Push-to-talk voice-to-text that works on any desktop. Hold a key, speak, release. Your words appear at the cursor.
Voxtype is an open-source, push-to-talk voice-to-text application designed specifically for Linux and macOS. It allows users to dictate text directly into any application by holding a key, speaking, and then releasing the key to see their words appear at the cursor.
The principal functionalities of this tool include:
Push-to-Talk: A natural workflow where users hold a key to record and release it to transcribe. This method avoids "wake words" and accidental activations.
Smart Output: It types directly at the cursor via tools like wtype or ydotool, featuring full CJK/Unicode support, and can fall back to the clipboard if needed.

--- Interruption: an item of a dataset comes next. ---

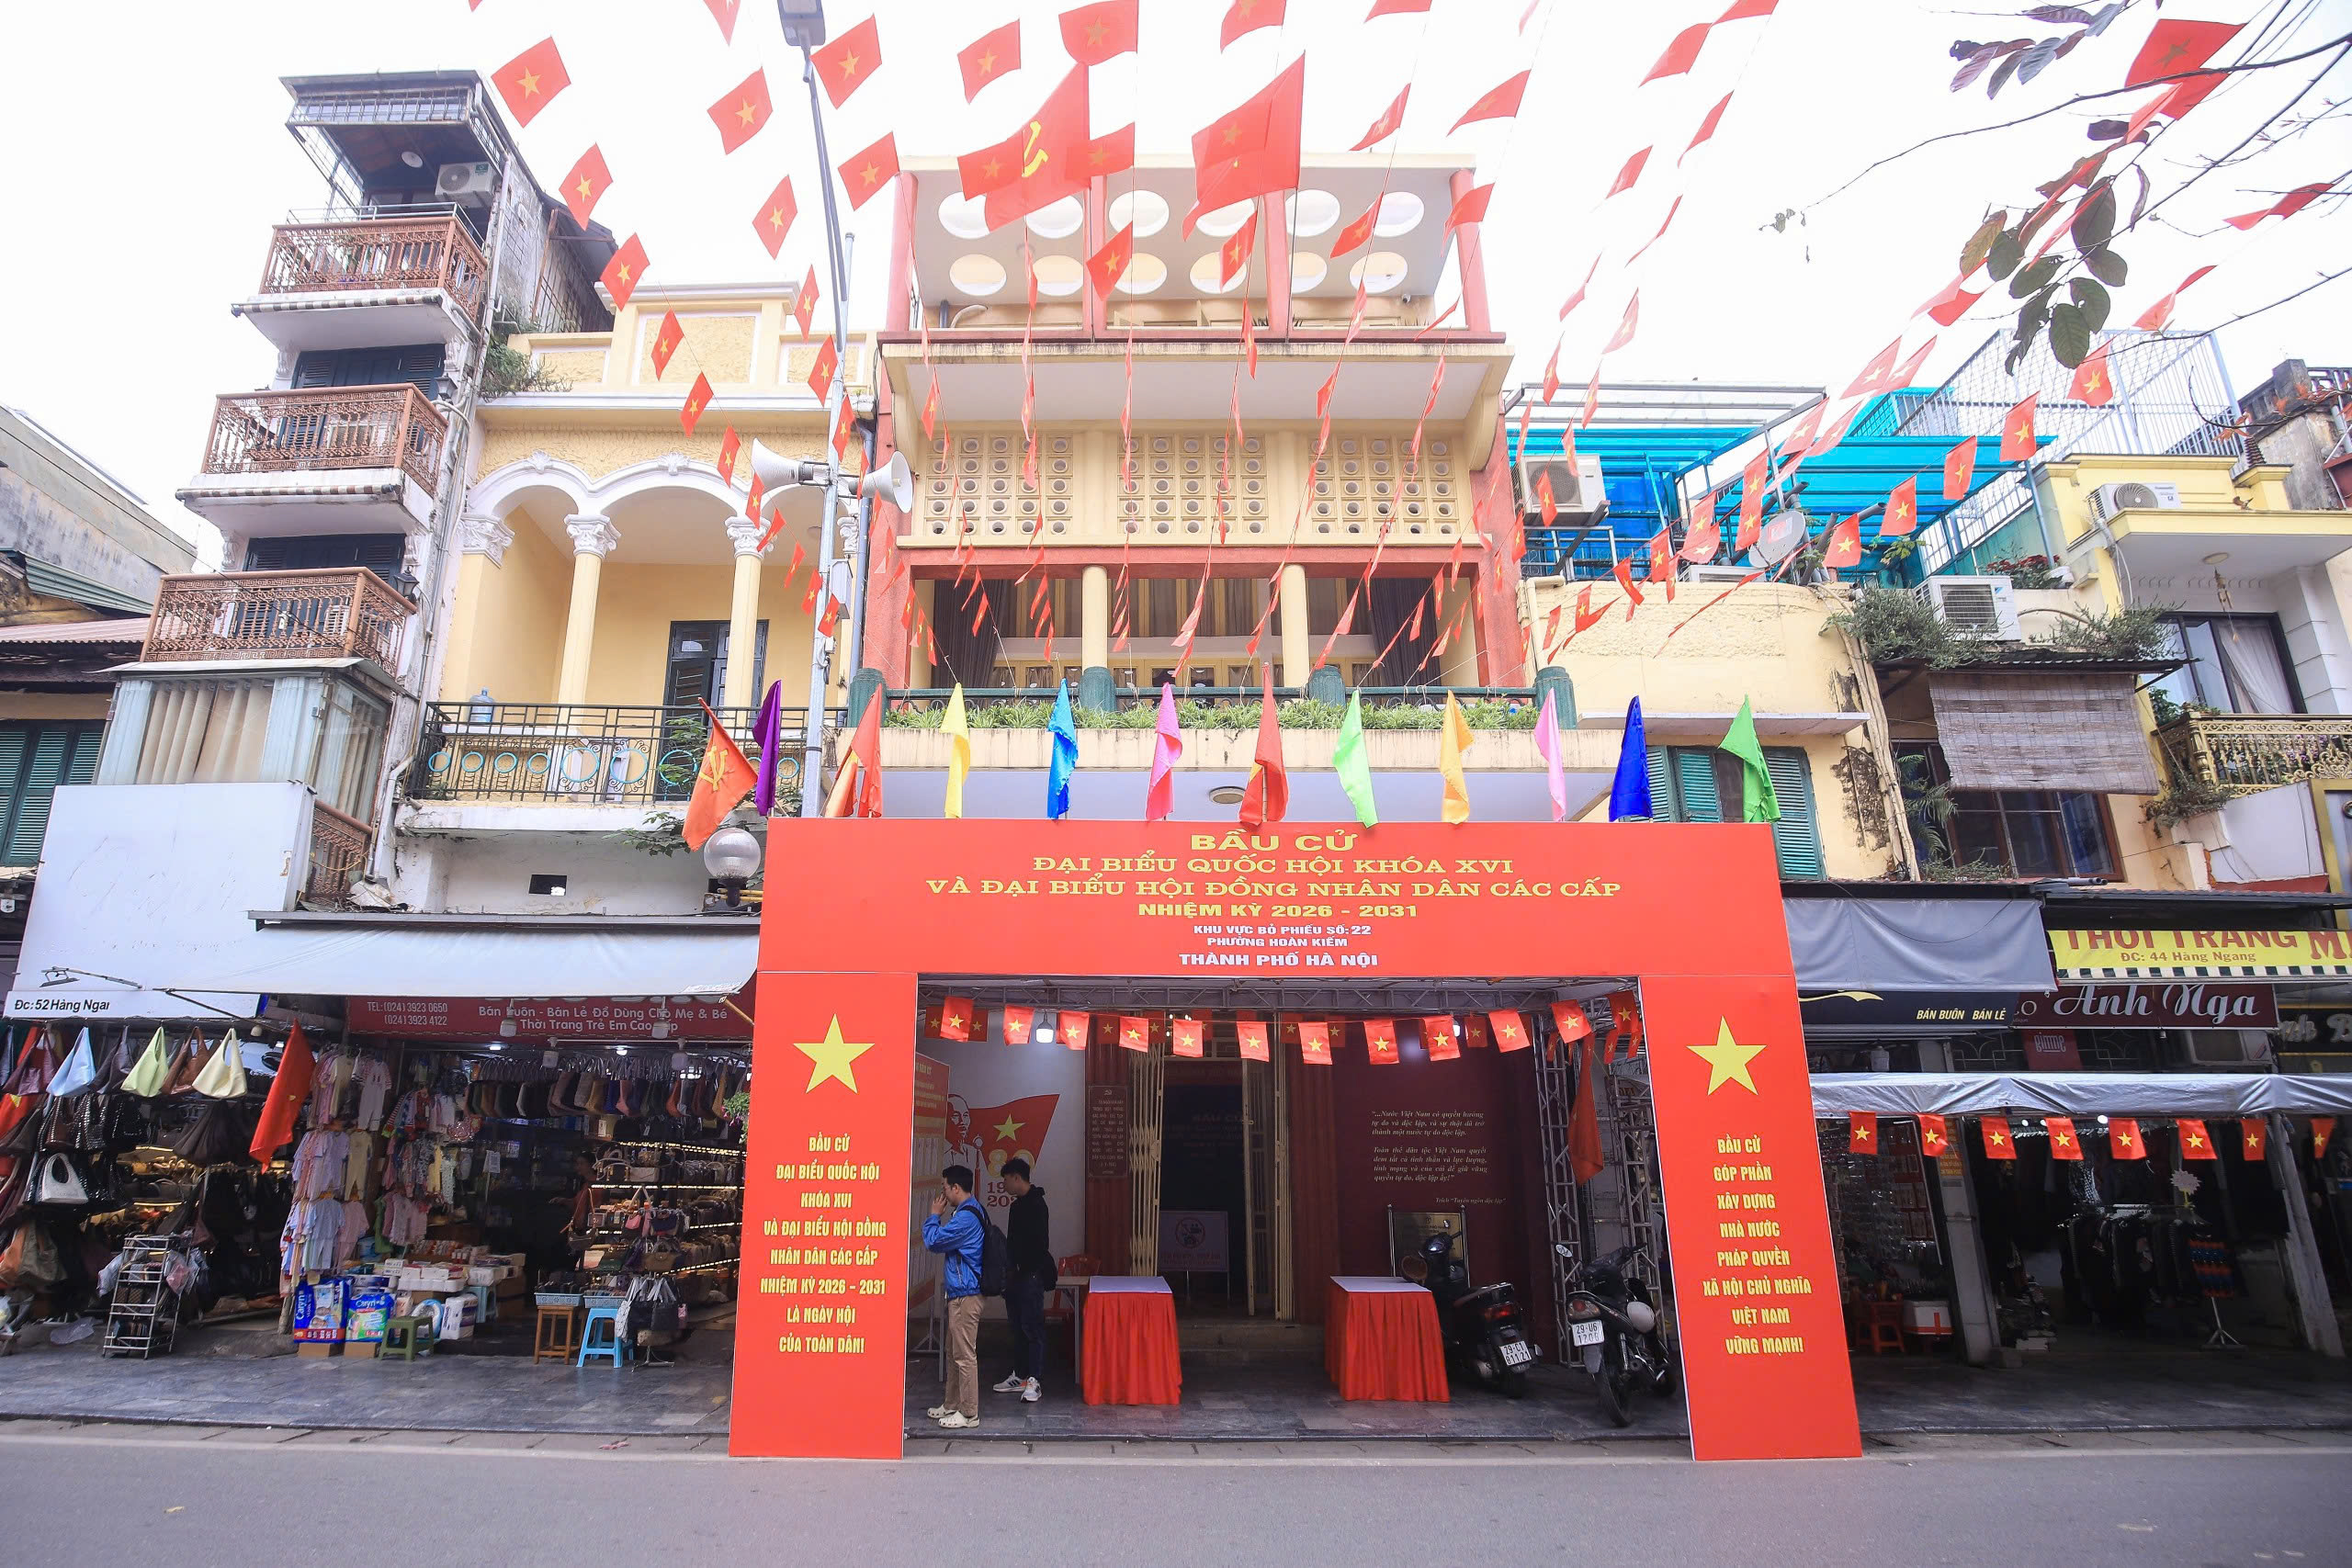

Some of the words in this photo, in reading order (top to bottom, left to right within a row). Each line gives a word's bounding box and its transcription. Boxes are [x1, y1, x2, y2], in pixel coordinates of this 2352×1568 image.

Highly Configurable: Users can choose their own hotkeys, output modes, and specific Whisper model sizes (from tiny to large-v3) to balance speed and accuracy.

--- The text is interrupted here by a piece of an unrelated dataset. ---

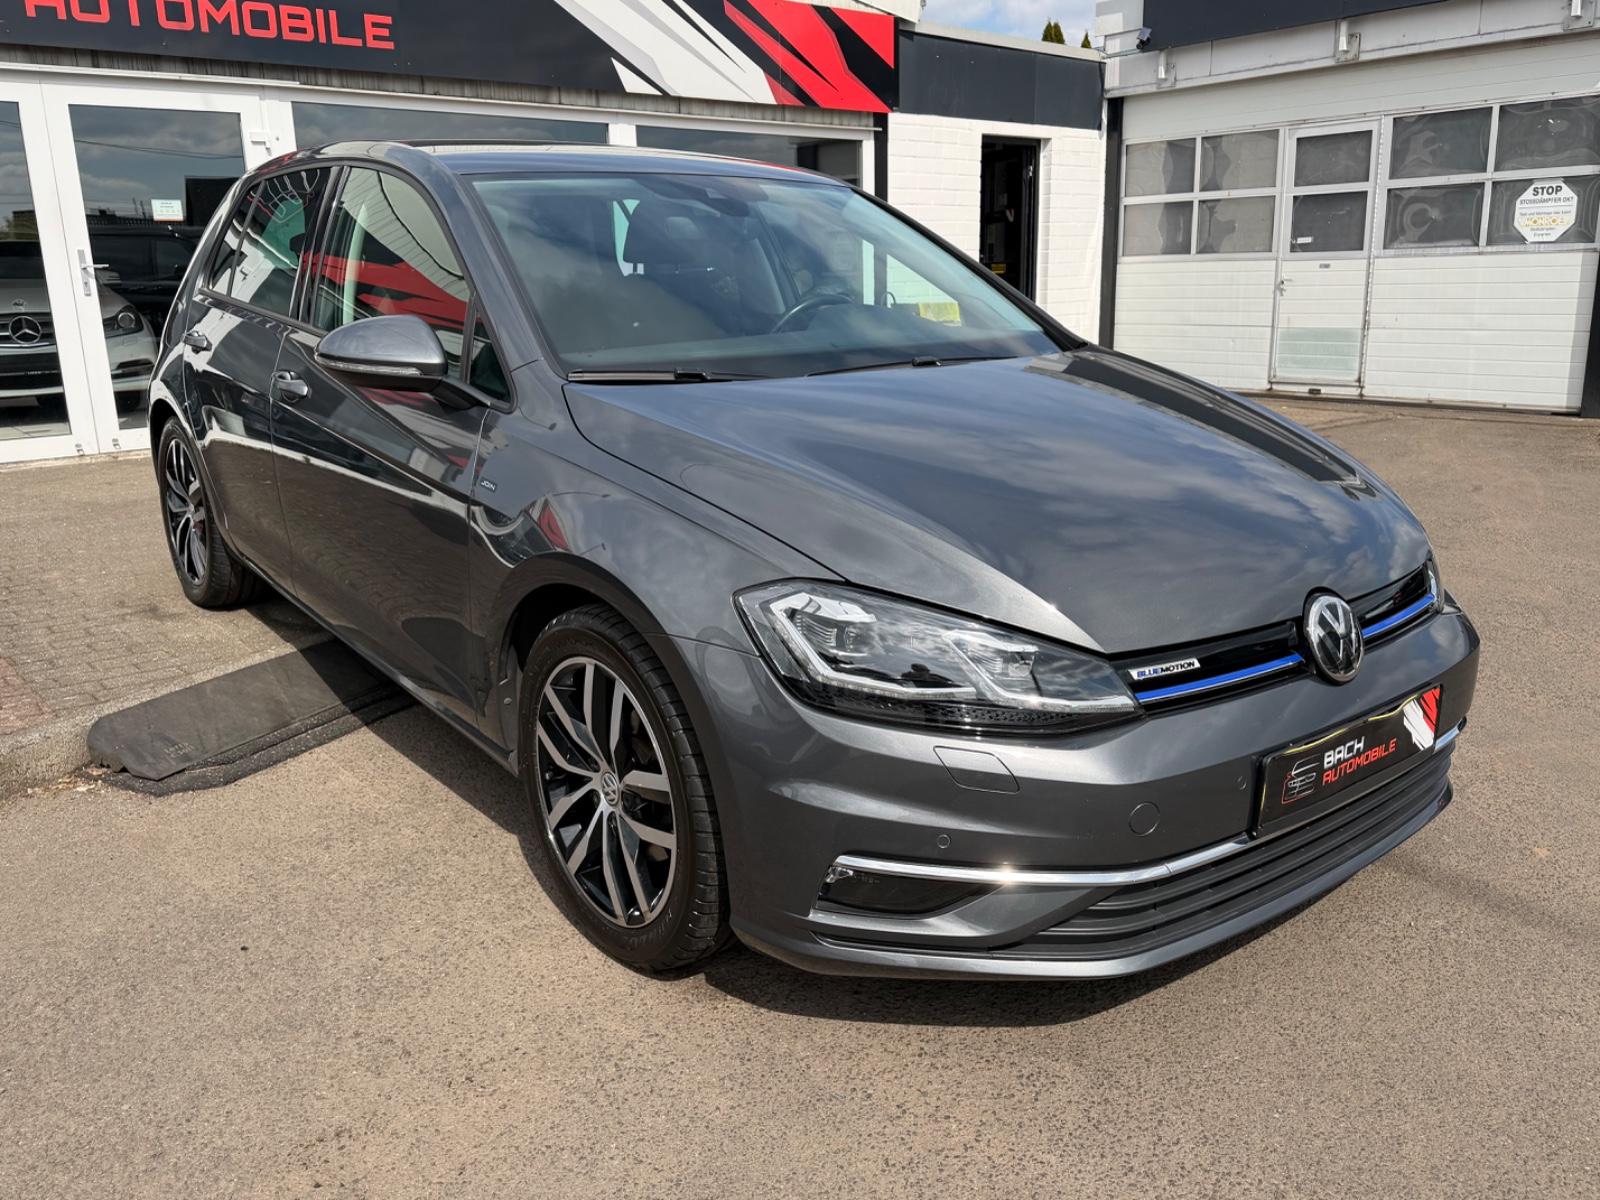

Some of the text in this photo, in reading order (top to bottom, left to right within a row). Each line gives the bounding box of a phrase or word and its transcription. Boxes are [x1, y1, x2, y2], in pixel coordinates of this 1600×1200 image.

[1532, 185, 1562, 196] STOP
[1136, 660, 1195, 678] BLUEMOTION
[1322, 738, 1397, 786] AUTOMOBILE
[1323, 736, 1365, 769] BACH

Fully Offline: All speech recognition happens locally on the user's machine using whisper.cpp. No voice data is sent to the cloud, ensuring total privacy.
GPU Acceleration: Built in Rust for high performance, it offers optional support for Vulkan, CUDA, Metal, and ROCm, enabling sub-second transcription on modern hardware.

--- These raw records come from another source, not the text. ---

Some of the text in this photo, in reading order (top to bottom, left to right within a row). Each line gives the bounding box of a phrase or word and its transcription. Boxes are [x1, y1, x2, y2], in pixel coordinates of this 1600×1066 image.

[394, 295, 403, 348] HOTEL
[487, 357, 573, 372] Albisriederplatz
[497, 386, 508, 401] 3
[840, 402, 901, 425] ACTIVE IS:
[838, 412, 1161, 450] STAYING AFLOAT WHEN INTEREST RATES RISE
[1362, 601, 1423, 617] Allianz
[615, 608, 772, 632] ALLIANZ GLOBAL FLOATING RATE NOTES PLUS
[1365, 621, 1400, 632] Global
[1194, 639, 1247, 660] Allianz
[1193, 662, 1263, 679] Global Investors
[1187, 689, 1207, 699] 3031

Lightweight Design: It is distributed as a single binary with minimal dependencies, requiring no Python or complex virtual environments.
Wayland Optimized: It features native support for compositors like Hyprland, Sway, and River, allowing users to use native compositor keybindings without requiring a special input group. It also remains compatible with X11, GNOME, and KDE.
Visual Feedback: It includes optional Waybar integration with 10 built-in icon themes to show recording status, as well as desktop notifications via notify-send.
LLM Post-Processing: Transcriptions can be piped through local LLMs for tasks like translation, applying domain-specific vocabulary, or custom workflows.
Remote Offloading: Users can offload transcription tasks to a self-hosted remote GPU server to save resources on their local machine, though cloud API connections are also an option.
Multilingual Support: Beyond standard Whisper models, it supports various ONNX engines specialized for different languages and dialects, including Chinese, Japanese, and Korean.